Wednesday, March 21, 2007

Day 1

So this is they way it is going to be. I will try to write a journal everyday, and post them whenever I can. That is easier than I thought it would be, as there is a LAN port right beside my bed, but the real question is expense. I have to buy prepaid cards for the TV and the internet. The room itself is more expensive than the base rate as well. I had originally opted for the standard 4 person room, as that style incurs no extra costs. However after much deliberation, and talking through it with many people, I decided that I didn't want to be in a room with 3 geriatric Japanese people who don't know English, and speak the very hard to understand 'old person Japanese' (mumbling mixed with words I don't understand). So I upgraded.

Thirty one bucks a day, on top of all the other costs, gets me a spot in a 2 person room. This room itself is currently occupied by me, myself, and I. I chose the window side bed, as I can open them up for a breeze, and it is brighter than the other side. The bed is hard and narrow...I'm pleased about the former, less so about the latter. The real selling point on my room is the windows. They are very large and they have a spectacular view of the foot hills to the east. The mountains are about a kilometre away, and are quite beautiful. Definitely more beautiful than the parking lot immediately below my window.

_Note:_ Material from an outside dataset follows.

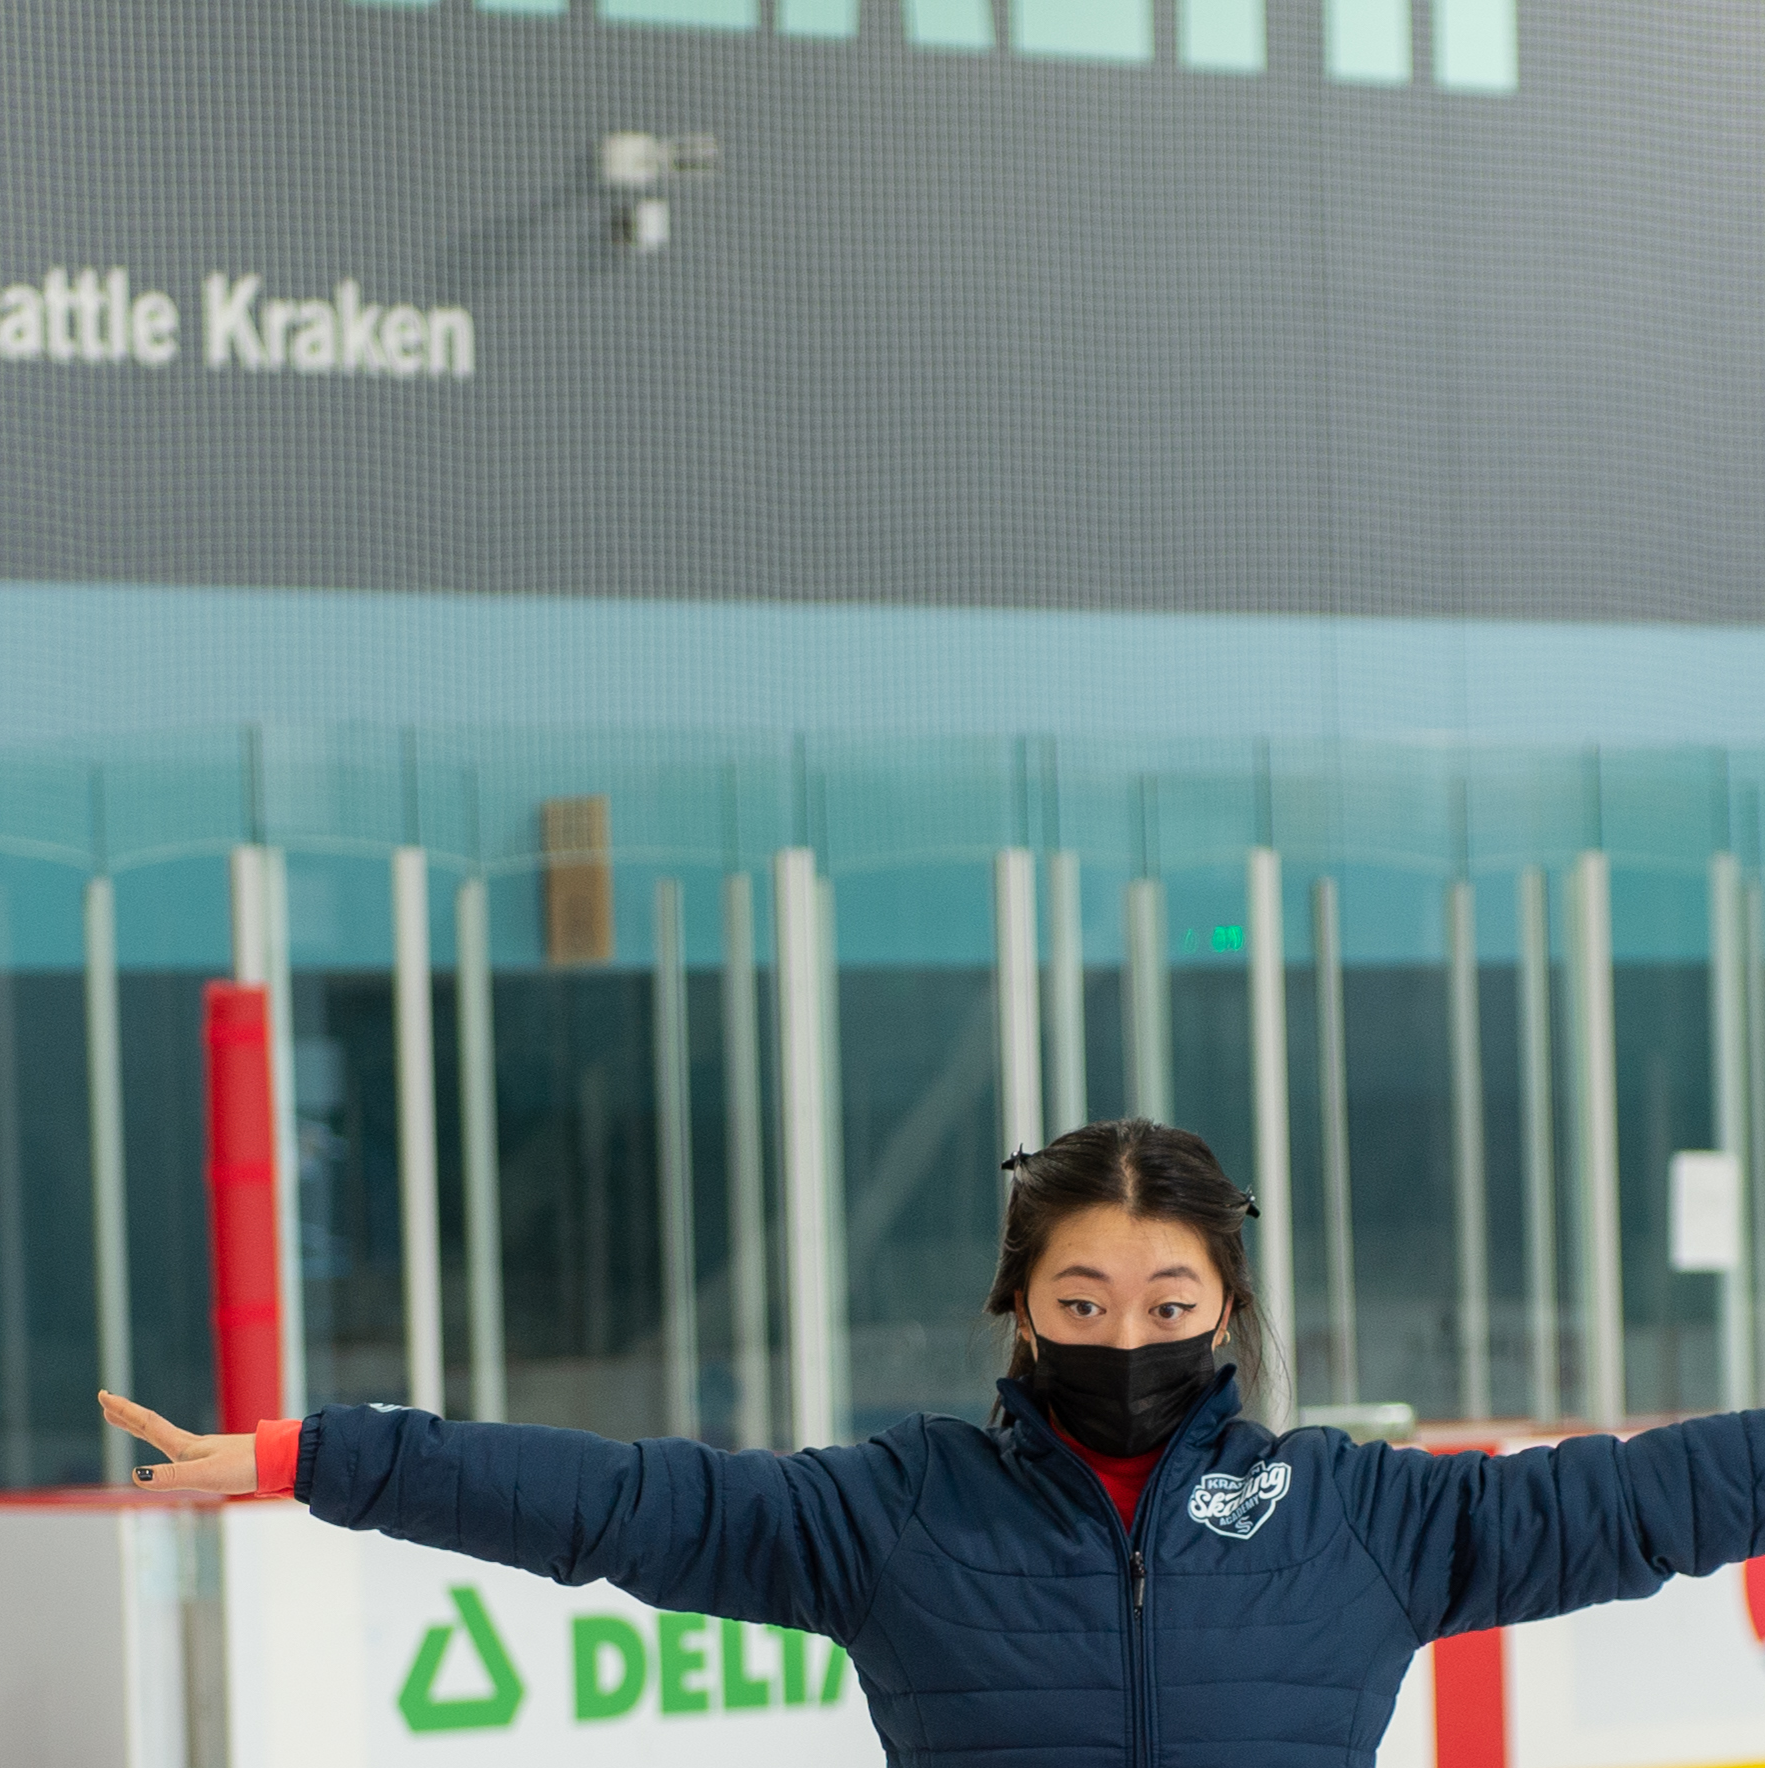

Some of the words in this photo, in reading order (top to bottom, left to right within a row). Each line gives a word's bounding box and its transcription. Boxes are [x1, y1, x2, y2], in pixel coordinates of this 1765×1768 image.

[205, 274, 474, 377] Kraken
[1219, 1494, 1260, 1526] ACADEMY
[571, 1611, 850, 1723] DELT

The hospital is in the finishing stages of being redone. I am fortunate enough to be in the new tower on the sixth floor. The entire ward is bright and clean, the only down side is, being Japan, there is a tea dispenser but there is no coffee. For that I have to go to the first floor and buy a freaking tiny little cup...or an infamous Japanese can of coffee.

So far today, I have had my piss and blood checked again (third time). I waited. And some more. Saw one doc, saw the other, was admitted and shown my room. Then I had the same conversation about allergies, medicine, and health with at least 3 nurses. I got lunch. I waited I spoke to the anaesthesiologist. I went to get another MRI done (third time). I waited. They took the MRI. I went to the x-ray area. I waited. They took the x-rays. And that was it.

I came back to my room. After all the waiting in the hospital over the last few months, I have really come to hate just sitting around waiting for some other test or talk...but I now have a new appreciation for the waiting. You see, I am currently sitting on my bed, I have nothing to do, and nothing planned for later...so technically I am not waiting...just sitting around bored as hell at 4 in the afternoon. To be honest I would rather be waiting...at least then you feel that there is a purpose to your boredom. I can fake it a bit and say that I am waiting for dinner, or further even for my operation, but those feel like cheating. I am not waiting around in the hospital for once, and how I wish I was.

1 comment:

Claudizzle said...

awh dude, I'm sorry to hear about you situation :( I mean, I know it's good that you're getting your knee all sorted out and that it'll probably be a good thing to go through in the long run, but it's shitty that your life has been taken and shaken around like this.
wish I could help entertain you in some way!